→ Exercise:
Set down the data below exactly; pictures stay out.
____ Available data
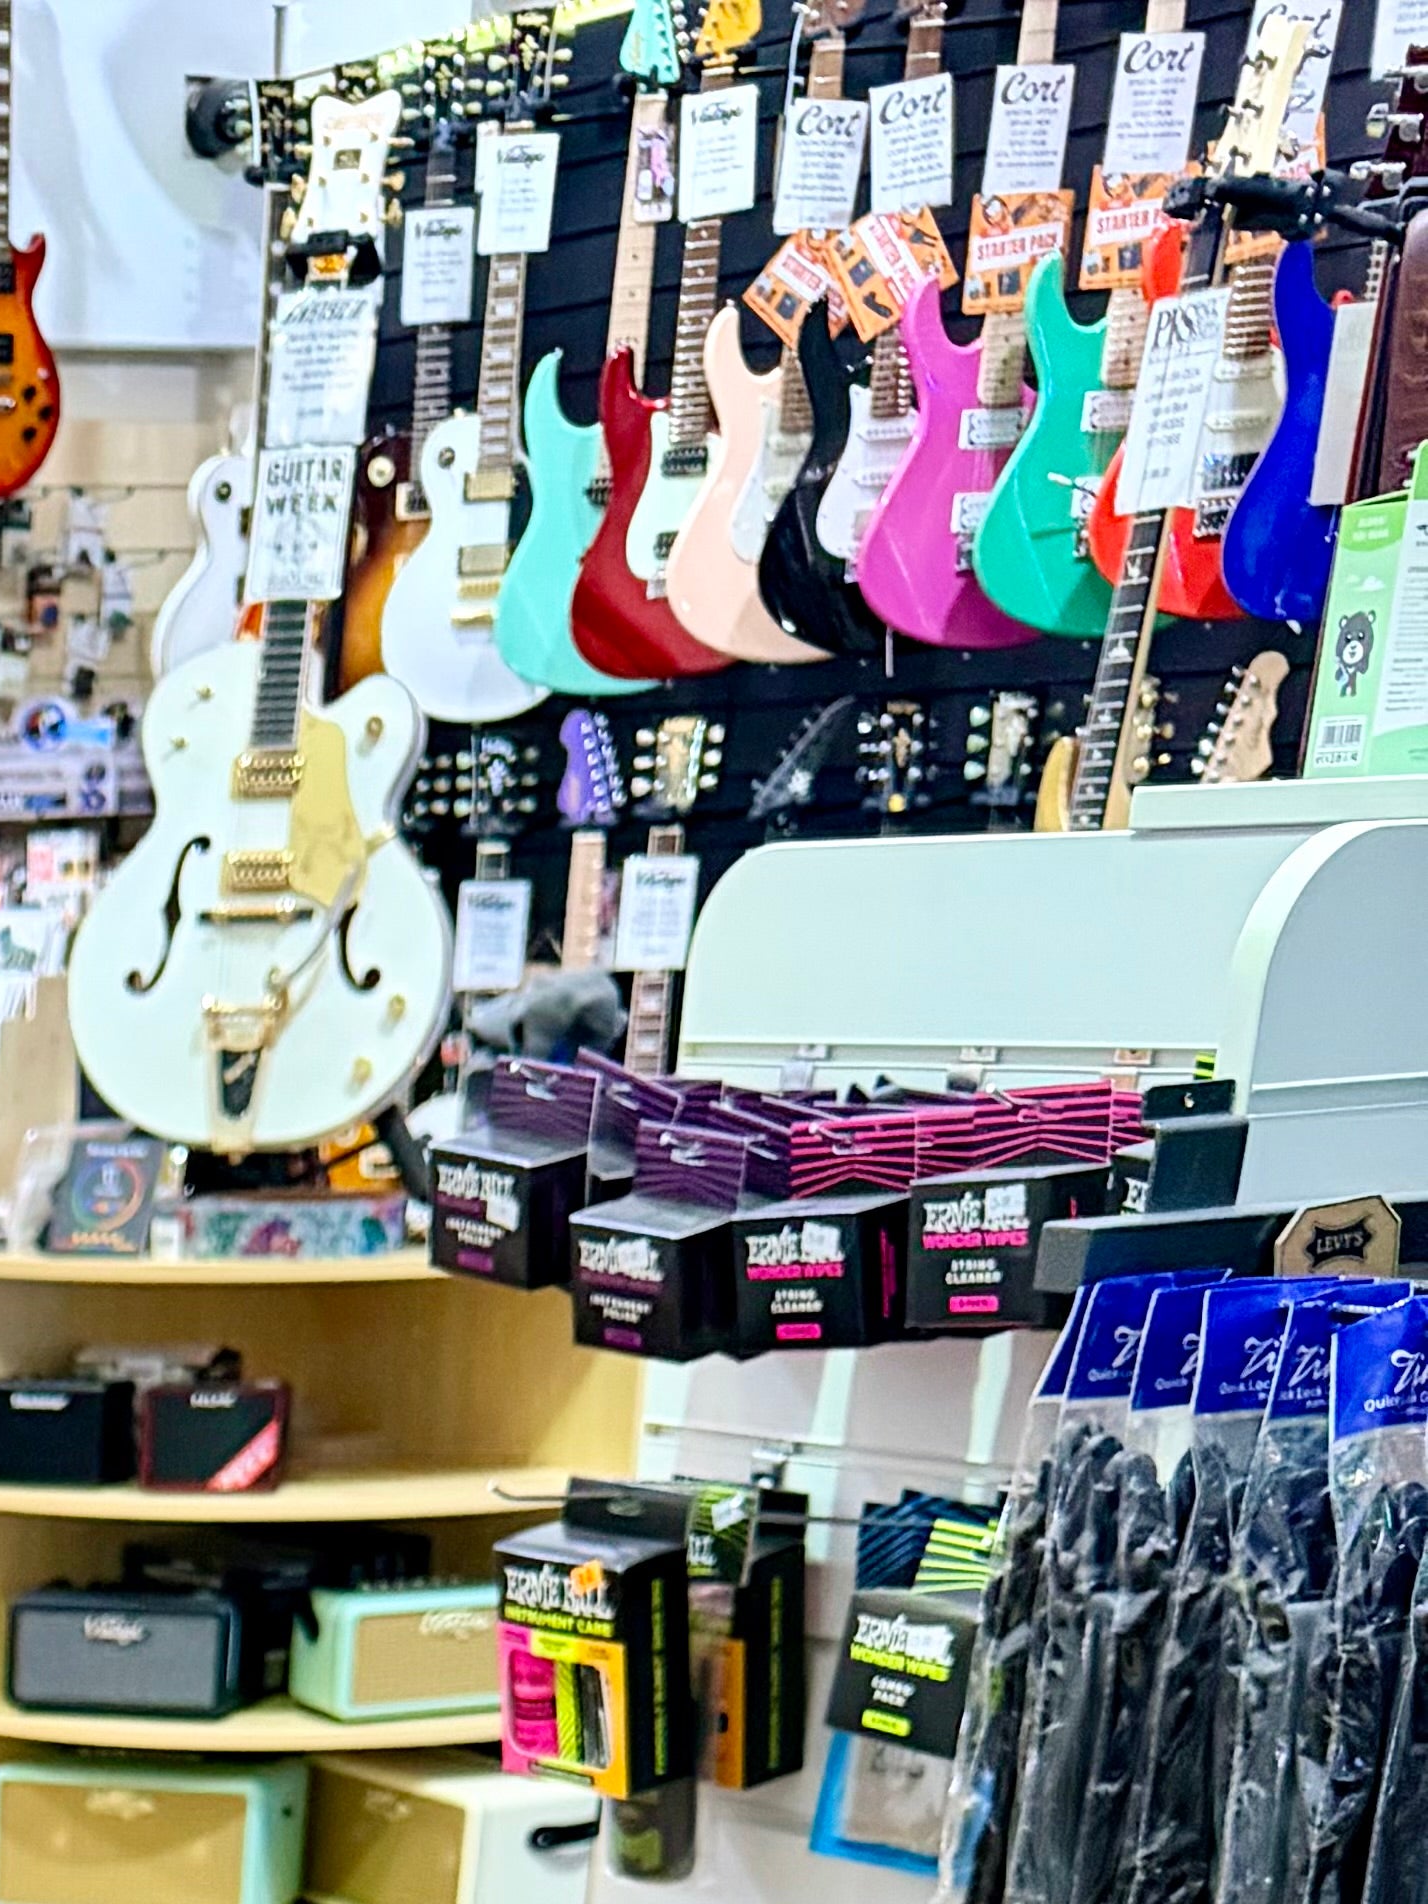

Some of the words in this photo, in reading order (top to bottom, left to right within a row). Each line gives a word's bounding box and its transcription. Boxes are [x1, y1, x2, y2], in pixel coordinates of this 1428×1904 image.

[1124, 40, 1194, 74] Cort
[879, 84, 946, 125] Cort
[1001, 72, 1065, 105] Cort
[796, 105, 860, 137] Cort
[978, 236, 1025, 261] STARTER
[267, 457, 343, 485] GUITAR
[265, 492, 337, 517] WEEK
[923, 1191, 982, 1232] ERNIE
[745, 1224, 801, 1264] ERNIE
[922, 1232, 979, 1250] WONDER
[983, 1230, 1029, 1248] WIPES
[1316, 1232, 1364, 1255] LEVY'S
[504, 1563, 561, 1609] ERNIE
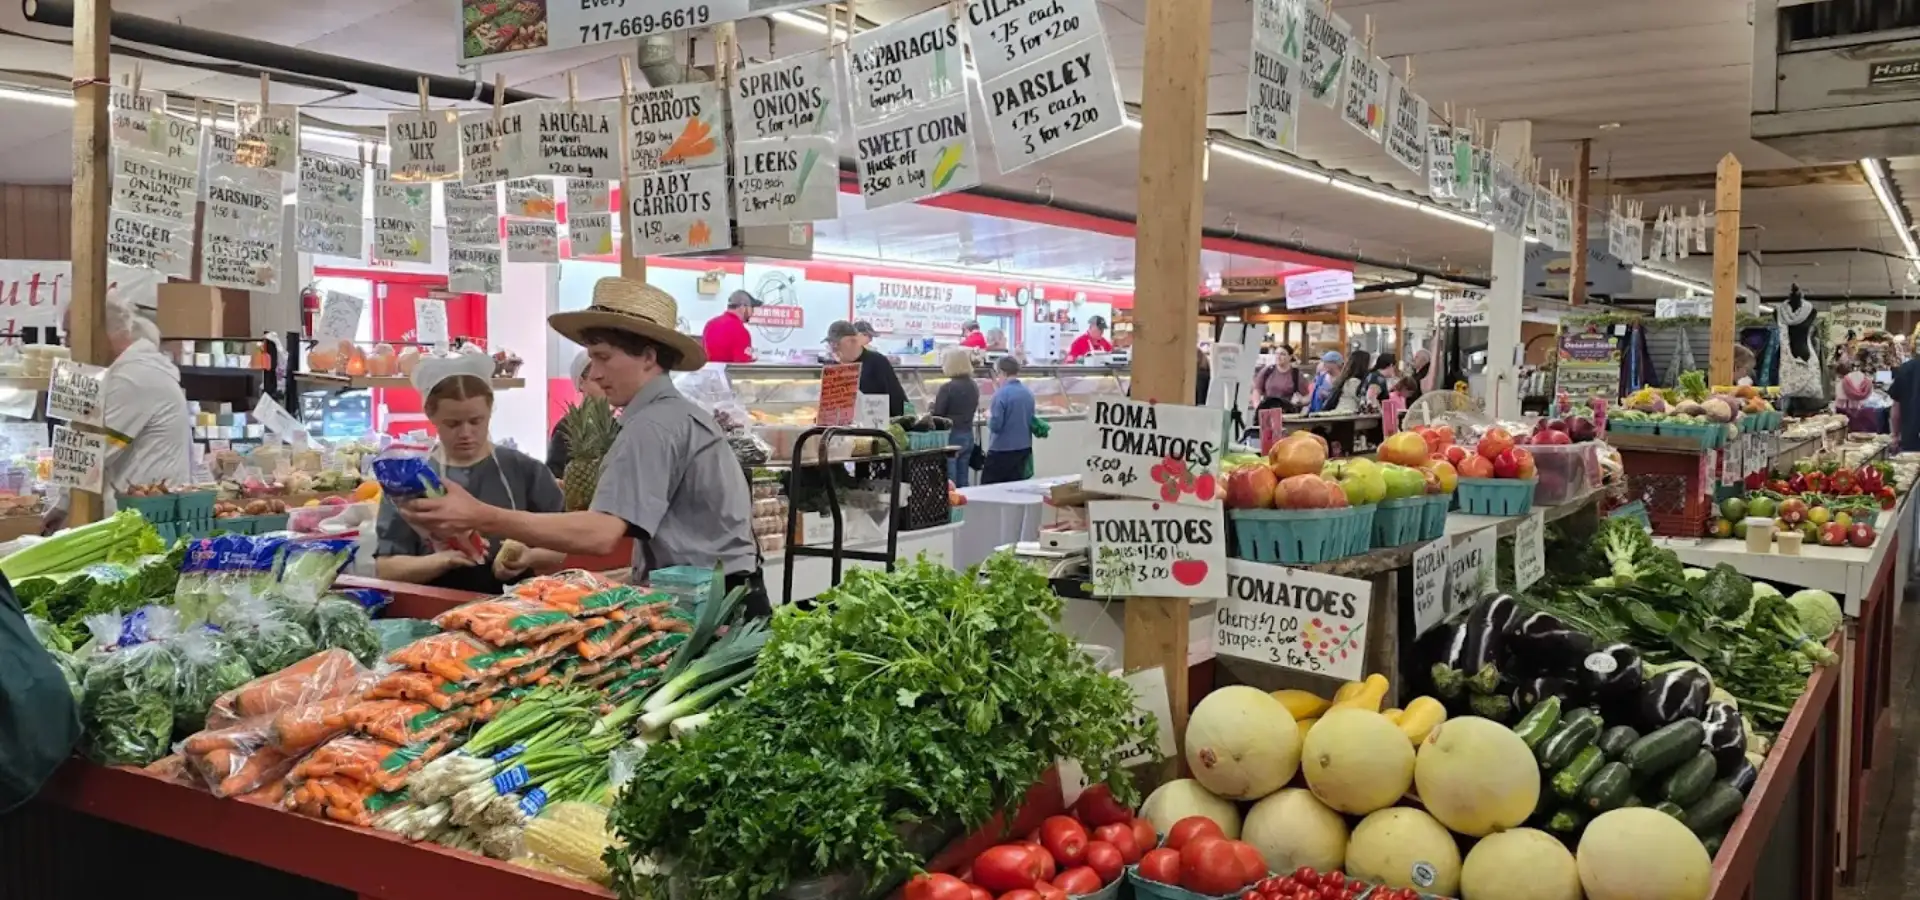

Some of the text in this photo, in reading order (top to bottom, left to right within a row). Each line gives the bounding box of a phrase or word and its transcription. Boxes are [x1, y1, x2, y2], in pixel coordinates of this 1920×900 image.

[579, 5, 709, 43] 717-669-6619
[1028, 0, 1065, 25] each
[852, 24, 957, 74] ASPARAGUS
[1005, 44, 1016, 61] 3
[1020, 34, 1042, 54] for
[739, 65, 804, 98] SPRING
[1254, 50, 1289, 88] YELLOW
[870, 83, 914, 108] bunch
[992, 52, 1091, 117] PARSLEY
[113, 93, 152, 113] CELERY
[631, 95, 701, 126] CARROTS
[753, 86, 822, 119] ONIONS
[1048, 89, 1087, 115] each
[1260, 82, 1292, 118] SQUASH
[397, 121, 437, 141] SALAD
[463, 114, 522, 143] SPINACH
[539, 113, 609, 134] ARUGALA
[756, 119, 765, 137] 5
[768, 117, 784, 134] for
[858, 111, 968, 160] SWEET CORN
[409, 142, 435, 160] MIX
[1022, 134, 1036, 154] 3
[1039, 123, 1061, 144] for
[539, 144, 608, 160] HOMEGROWN
[744, 150, 797, 176] LEEKS
[578, 163, 593, 178] bag
[897, 175, 904, 186] a
[907, 168, 926, 189] bag
[129, 177, 181, 199] ONIONS
[643, 173, 692, 198] BABY
[764, 177, 784, 190] each
[633, 191, 711, 217] CARROTS
[742, 197, 752, 212] 2
[753, 195, 769, 211] for
[115, 217, 171, 244] GINGER
[374, 217, 416, 233] LEMONS
[879, 281, 954, 302] HUMMER'S
[1438, 312, 1485, 324] PRODUCE
[1095, 401, 1158, 430] ROMA
[56, 427, 85, 449] SWEET
[1099, 426, 1214, 467] TOMATOES
[53, 443, 97, 468] POTATOES
[1101, 472, 1114, 485] a
[1092, 518, 1213, 545] TOMATOES
[1452, 547, 1483, 579] FENNEL
[1227, 573, 1357, 620] TOMATOES
[1217, 630, 1298, 650] grape: a box
[1268, 647, 1281, 664] 3
[1285, 649, 1306, 667] for
________
→ Problem solution:
Some of the words in this photo, in reading order (top to bottom, left to right within a row). Each line gives a word's bounding box and its transcription. Boxes are [x1, y1, x2, y2], in pixel coordinates of this 1428×1904 image.

[1124, 40, 1194, 74] Cort
[879, 84, 946, 125] Cort
[1001, 72, 1065, 105] Cort
[796, 105, 860, 137] Cort
[978, 236, 1025, 261] STARTER
[267, 457, 343, 485] GUITAR
[265, 492, 337, 517] WEEK
[923, 1191, 982, 1232] ERNIE
[745, 1224, 801, 1264] ERNIE
[922, 1232, 979, 1250] WONDER
[983, 1230, 1029, 1248] WIPES
[1316, 1232, 1364, 1255] LEVY'S
[504, 1563, 561, 1609] ERNIE

Some of the text in this photo, in reading order (top to bottom, left to right within a row). Each line gives the bounding box of a phrase or word and its transcription. Boxes are [x1, y1, x2, y2], in pixel coordinates of this 1920×900 image.

[579, 5, 709, 43] 717-669-6619
[1028, 0, 1065, 25] each
[852, 24, 957, 74] ASPARAGUS
[1005, 44, 1016, 61] 3
[1020, 34, 1042, 54] for
[739, 65, 804, 98] SPRING
[1254, 50, 1289, 88] YELLOW
[870, 83, 914, 108] bunch
[992, 52, 1091, 117] PARSLEY
[113, 93, 152, 113] CELERY
[631, 95, 701, 126] CARROTS
[753, 86, 822, 119] ONIONS
[1048, 89, 1087, 115] each
[1260, 82, 1292, 118] SQUASH
[397, 121, 437, 141] SALAD
[463, 114, 522, 143] SPINACH
[539, 113, 609, 134] ARUGALA
[756, 119, 765, 137] 5
[768, 117, 784, 134] for
[858, 111, 968, 160] SWEET CORN
[409, 142, 435, 160] MIX
[1022, 134, 1036, 154] 3
[1039, 123, 1061, 144] for
[539, 144, 608, 160] HOMEGROWN
[744, 150, 797, 176] LEEKS
[578, 163, 593, 178] bag
[897, 175, 904, 186] a
[907, 168, 926, 189] bag
[129, 177, 181, 199] ONIONS
[643, 173, 692, 198] BABY
[764, 177, 784, 190] each
[633, 191, 711, 217] CARROTS
[742, 197, 752, 212] 2
[753, 195, 769, 211] for
[115, 217, 171, 244] GINGER
[374, 217, 416, 233] LEMONS
[879, 281, 954, 302] HUMMER'S
[1438, 312, 1485, 324] PRODUCE
[1095, 401, 1158, 430] ROMA
[56, 427, 85, 449] SWEET
[1099, 426, 1214, 467] TOMATOES
[53, 443, 97, 468] POTATOES
[1101, 472, 1114, 485] a
[1092, 518, 1213, 545] TOMATOES
[1452, 547, 1483, 579] FENNEL
[1227, 573, 1357, 620] TOMATOES
[1217, 630, 1298, 650] grape: a box
[1268, 647, 1281, 664] 3
[1285, 649, 1306, 667] for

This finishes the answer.